**Task prompt:** Once the data has been read, print it back in full, exactly.

-- Data for the task follows --

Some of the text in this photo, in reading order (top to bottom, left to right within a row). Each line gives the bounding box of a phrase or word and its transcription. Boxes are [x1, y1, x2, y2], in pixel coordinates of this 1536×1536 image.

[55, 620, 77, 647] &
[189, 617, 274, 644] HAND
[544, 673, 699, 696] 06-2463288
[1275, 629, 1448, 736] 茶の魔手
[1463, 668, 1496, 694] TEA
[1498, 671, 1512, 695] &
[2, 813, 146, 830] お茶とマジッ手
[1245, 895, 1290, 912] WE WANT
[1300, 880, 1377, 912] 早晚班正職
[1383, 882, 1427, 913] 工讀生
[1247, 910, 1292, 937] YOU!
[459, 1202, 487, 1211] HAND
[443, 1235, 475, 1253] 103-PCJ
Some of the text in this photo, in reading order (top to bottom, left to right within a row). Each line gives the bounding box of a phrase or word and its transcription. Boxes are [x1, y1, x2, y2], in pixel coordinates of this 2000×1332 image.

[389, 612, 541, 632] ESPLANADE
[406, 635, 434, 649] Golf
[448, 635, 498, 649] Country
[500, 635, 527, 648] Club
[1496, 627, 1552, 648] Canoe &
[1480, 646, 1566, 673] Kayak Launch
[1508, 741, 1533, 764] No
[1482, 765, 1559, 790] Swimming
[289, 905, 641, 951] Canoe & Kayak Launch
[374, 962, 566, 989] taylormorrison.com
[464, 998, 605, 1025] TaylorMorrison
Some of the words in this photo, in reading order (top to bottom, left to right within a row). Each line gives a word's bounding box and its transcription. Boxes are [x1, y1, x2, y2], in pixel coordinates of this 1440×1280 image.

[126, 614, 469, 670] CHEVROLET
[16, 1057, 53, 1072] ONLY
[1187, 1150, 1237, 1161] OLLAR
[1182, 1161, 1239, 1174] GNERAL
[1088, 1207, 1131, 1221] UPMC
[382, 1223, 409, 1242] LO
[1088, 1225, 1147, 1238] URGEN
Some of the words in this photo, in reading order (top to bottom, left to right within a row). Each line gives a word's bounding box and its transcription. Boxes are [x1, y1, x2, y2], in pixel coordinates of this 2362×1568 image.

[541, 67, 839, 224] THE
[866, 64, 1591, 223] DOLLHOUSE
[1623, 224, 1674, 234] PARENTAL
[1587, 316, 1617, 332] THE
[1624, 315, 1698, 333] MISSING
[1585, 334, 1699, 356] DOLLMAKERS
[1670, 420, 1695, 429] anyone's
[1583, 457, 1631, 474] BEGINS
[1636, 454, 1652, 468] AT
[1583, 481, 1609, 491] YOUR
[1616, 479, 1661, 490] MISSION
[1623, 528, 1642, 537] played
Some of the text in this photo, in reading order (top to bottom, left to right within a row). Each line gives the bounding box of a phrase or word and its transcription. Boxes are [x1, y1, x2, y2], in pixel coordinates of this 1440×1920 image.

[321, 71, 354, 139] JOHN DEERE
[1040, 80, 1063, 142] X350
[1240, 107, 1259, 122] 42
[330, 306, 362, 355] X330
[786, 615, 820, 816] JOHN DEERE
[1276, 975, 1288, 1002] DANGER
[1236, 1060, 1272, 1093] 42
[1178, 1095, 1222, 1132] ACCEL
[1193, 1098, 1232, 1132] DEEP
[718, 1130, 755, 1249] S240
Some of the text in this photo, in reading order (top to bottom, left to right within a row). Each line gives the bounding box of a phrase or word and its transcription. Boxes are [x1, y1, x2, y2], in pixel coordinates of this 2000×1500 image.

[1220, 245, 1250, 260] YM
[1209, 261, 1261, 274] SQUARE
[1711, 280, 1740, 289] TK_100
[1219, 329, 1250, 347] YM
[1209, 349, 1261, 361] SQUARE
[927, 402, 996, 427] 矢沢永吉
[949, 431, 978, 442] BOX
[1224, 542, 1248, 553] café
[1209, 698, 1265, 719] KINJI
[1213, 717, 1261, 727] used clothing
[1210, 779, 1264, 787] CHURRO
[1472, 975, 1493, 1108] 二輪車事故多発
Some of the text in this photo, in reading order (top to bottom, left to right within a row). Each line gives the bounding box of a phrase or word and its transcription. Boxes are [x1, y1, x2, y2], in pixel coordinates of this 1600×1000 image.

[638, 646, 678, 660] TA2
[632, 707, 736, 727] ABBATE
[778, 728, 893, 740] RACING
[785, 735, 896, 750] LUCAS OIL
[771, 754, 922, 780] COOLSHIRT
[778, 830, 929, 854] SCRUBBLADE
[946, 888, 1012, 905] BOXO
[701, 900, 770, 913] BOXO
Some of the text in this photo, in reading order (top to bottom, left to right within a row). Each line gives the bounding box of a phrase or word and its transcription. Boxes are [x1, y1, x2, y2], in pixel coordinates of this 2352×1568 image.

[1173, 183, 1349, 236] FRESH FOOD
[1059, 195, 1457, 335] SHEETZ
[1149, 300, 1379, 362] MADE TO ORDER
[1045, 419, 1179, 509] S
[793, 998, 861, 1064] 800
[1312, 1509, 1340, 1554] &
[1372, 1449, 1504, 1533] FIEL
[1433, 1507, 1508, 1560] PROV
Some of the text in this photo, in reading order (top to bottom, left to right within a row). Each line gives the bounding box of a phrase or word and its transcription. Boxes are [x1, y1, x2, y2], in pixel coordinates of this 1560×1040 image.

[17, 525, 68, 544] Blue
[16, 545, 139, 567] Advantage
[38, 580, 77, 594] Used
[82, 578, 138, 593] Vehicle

-- Data for the task concluded --

**Result below:**
Some of the text in this photo, in reading order (top to bottom, left to right within a row). Each line gives the bounding box of a phrase or word and its transcription. Boxes are [x1, y1, x2, y2], in pixel coordinates of this 1536×1536 image.

[55, 620, 77, 647] &
[189, 617, 274, 644] HAND
[544, 673, 699, 696] 06-2463288
[1275, 629, 1448, 736] 茶の魔手
[1463, 668, 1496, 694] TEA
[1498, 671, 1512, 695] &
[2, 813, 146, 830] お茶とマジッ手
[1245, 895, 1290, 912] WE WANT
[1300, 880, 1377, 912] 早晚班正職
[1383, 882, 1427, 913] 工讀生
[1247, 910, 1292, 937] YOU!
[459, 1202, 487, 1211] HAND
[443, 1235, 475, 1253] 103-PCJ
Some of the text in this photo, in reading order (top to bottom, left to right within a row). Each line gives the bounding box of a phrase or word and its transcription. Boxes are [x1, y1, x2, y2], in pixel coordinates of this 2000×1332 image.

[389, 612, 541, 632] ESPLANADE
[406, 635, 434, 649] Golf
[448, 635, 498, 649] Country
[500, 635, 527, 648] Club
[1496, 627, 1552, 648] Canoe &
[1480, 646, 1566, 673] Kayak Launch
[1508, 741, 1533, 764] No
[1482, 765, 1559, 790] Swimming
[289, 905, 641, 951] Canoe & Kayak Launch
[374, 962, 566, 989] taylormorrison.com
[464, 998, 605, 1025] TaylorMorrison
Some of the words in this photo, in reading order (top to bottom, left to right within a row). Each line gives a word's bounding box and its transcription. Boxes are [x1, y1, x2, y2], in pixel coordinates of this 1440×1280 image.

[126, 614, 469, 670] CHEVROLET
[16, 1057, 53, 1072] ONLY
[1187, 1150, 1237, 1161] OLLAR
[1182, 1161, 1239, 1174] GNERAL
[1088, 1207, 1131, 1221] UPMC
[382, 1223, 409, 1242] LO
[1088, 1225, 1147, 1238] URGEN
Some of the words in this photo, in reading order (top to bottom, left to right within a row). Each line gives a word's bounding box and its transcription. Boxes are [x1, y1, x2, y2], in pixel coordinates of this 2362×1568 image.

[541, 67, 839, 224] THE
[866, 64, 1591, 223] DOLLHOUSE
[1623, 224, 1674, 234] PARENTAL
[1587, 316, 1617, 332] THE
[1624, 315, 1698, 333] MISSING
[1585, 334, 1699, 356] DOLLMAKERS
[1670, 420, 1695, 429] anyone's
[1583, 457, 1631, 474] BEGINS
[1636, 454, 1652, 468] AT
[1583, 481, 1609, 491] YOUR
[1616, 479, 1661, 490] MISSION
[1623, 528, 1642, 537] played
Some of the text in this photo, in reading order (top to bottom, left to right within a row). Each line gives the bounding box of a phrase or word and its transcription. Boxes are [x1, y1, x2, y2], in pixel coordinates of this 1440×1920 image.

[321, 71, 354, 139] JOHN DEERE
[1040, 80, 1063, 142] X350
[1240, 107, 1259, 122] 42
[330, 306, 362, 355] X330
[786, 615, 820, 816] JOHN DEERE
[1276, 975, 1288, 1002] DANGER
[1236, 1060, 1272, 1093] 42
[1178, 1095, 1222, 1132] ACCEL
[1193, 1098, 1232, 1132] DEEP
[718, 1130, 755, 1249] S240
Some of the text in this photo, in reading order (top to bottom, left to right within a row). Each line gives the bounding box of a phrase or word and its transcription. Boxes are [x1, y1, x2, y2], in pixel coordinates of this 2000×1500 image.

[1220, 245, 1250, 260] YM
[1209, 261, 1261, 274] SQUARE
[1711, 280, 1740, 289] TK_100
[1219, 329, 1250, 347] YM
[1209, 349, 1261, 361] SQUARE
[927, 402, 996, 427] 矢沢永吉
[949, 431, 978, 442] BOX
[1224, 542, 1248, 553] café
[1209, 698, 1265, 719] KINJI
[1213, 717, 1261, 727] used clothing
[1210, 779, 1264, 787] CHURRO
[1472, 975, 1493, 1108] 二輪車事故多発
Some of the text in this photo, in reading order (top to bottom, left to right within a row). Each line gives the bounding box of a phrase or word and its transcription. Boxes are [x1, y1, x2, y2], in pixel coordinates of this 1600×1000 image.

[638, 646, 678, 660] TA2
[632, 707, 736, 727] ABBATE
[778, 728, 893, 740] RACING
[785, 735, 896, 750] LUCAS OIL
[771, 754, 922, 780] COOLSHIRT
[778, 830, 929, 854] SCRUBBLADE
[946, 888, 1012, 905] BOXO
[701, 900, 770, 913] BOXO
Some of the text in this photo, in reading order (top to bottom, left to right within a row). Each line gives the bounding box of a phrase or word and its transcription. Boxes are [x1, y1, x2, y2], in pixel coordinates of this 2352×1568 image.

[1173, 183, 1349, 236] FRESH FOOD
[1059, 195, 1457, 335] SHEETZ
[1149, 300, 1379, 362] MADE TO ORDER
[1045, 419, 1179, 509] S
[793, 998, 861, 1064] 800
[1312, 1509, 1340, 1554] &
[1372, 1449, 1504, 1533] FIEL
[1433, 1507, 1508, 1560] PROV
Some of the text in this photo, in reading order (top to bottom, left to right within a row). Each line gives the bounding box of a phrase or word and its transcription. Boxes are [x1, y1, x2, y2], in pixel coordinates of this 1560×1040 image.

[17, 525, 68, 544] Blue
[16, 545, 139, 567] Advantage
[38, 580, 77, 594] Used
[82, 578, 138, 593] Vehicle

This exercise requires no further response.